▶ [Information supplied]:

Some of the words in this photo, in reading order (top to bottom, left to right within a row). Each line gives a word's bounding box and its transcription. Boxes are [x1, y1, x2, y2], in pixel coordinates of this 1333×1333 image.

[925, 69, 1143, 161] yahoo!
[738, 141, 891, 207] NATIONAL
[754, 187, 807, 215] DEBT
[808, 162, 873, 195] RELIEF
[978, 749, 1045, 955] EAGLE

▶ [Your task]: From the data above, give every line again exactly as it appears.

▶ [Problem solution]:
Some of the words in this photo, in reading order (top to bottom, left to right within a row). Each line gives a word's bounding box and its transcription. Boxes are [x1, y1, x2, y2], in pixel coordinates of this 1333×1333 image.

[925, 69, 1143, 161] yahoo!
[738, 141, 891, 207] NATIONAL
[754, 187, 807, 215] DEBT
[808, 162, 873, 195] RELIEF
[978, 749, 1045, 955] EAGLE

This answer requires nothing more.